- **Excerpted data**:
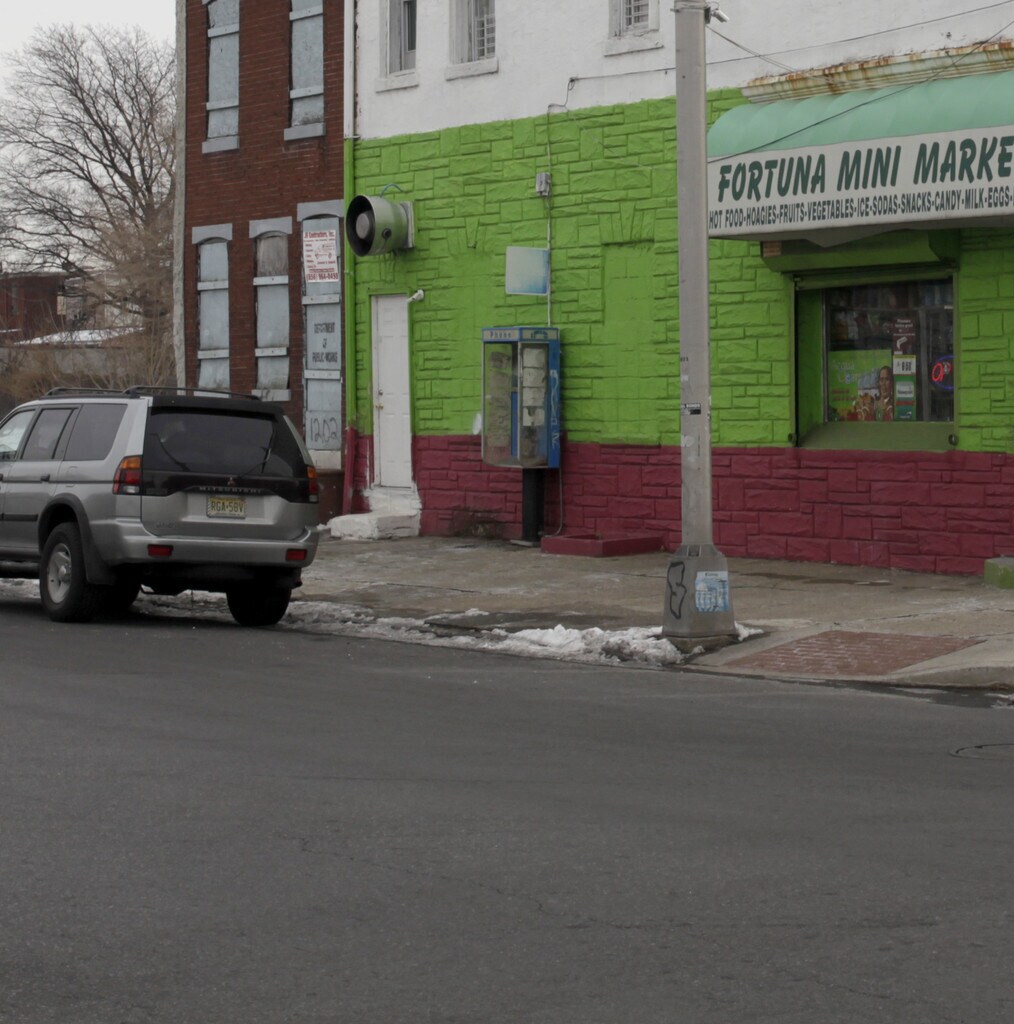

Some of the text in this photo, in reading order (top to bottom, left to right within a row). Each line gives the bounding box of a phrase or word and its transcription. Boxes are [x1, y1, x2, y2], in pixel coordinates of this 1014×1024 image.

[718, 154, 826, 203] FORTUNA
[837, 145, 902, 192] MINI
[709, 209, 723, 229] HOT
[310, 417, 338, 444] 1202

- **What to do**: Give the records back exactly. Leave the pictures out.

- **Output below**:
Some of the text in this photo, in reading order (top to bottom, left to right within a row). Each line gives the bounding box of a phrase or word and its transcription. Boxes are [x1, y1, x2, y2], in pixel coordinates of this 1014×1024 image.

[718, 154, 826, 203] FORTUNA
[837, 145, 902, 192] MINI
[709, 209, 723, 229] HOT
[310, 417, 338, 444] 1202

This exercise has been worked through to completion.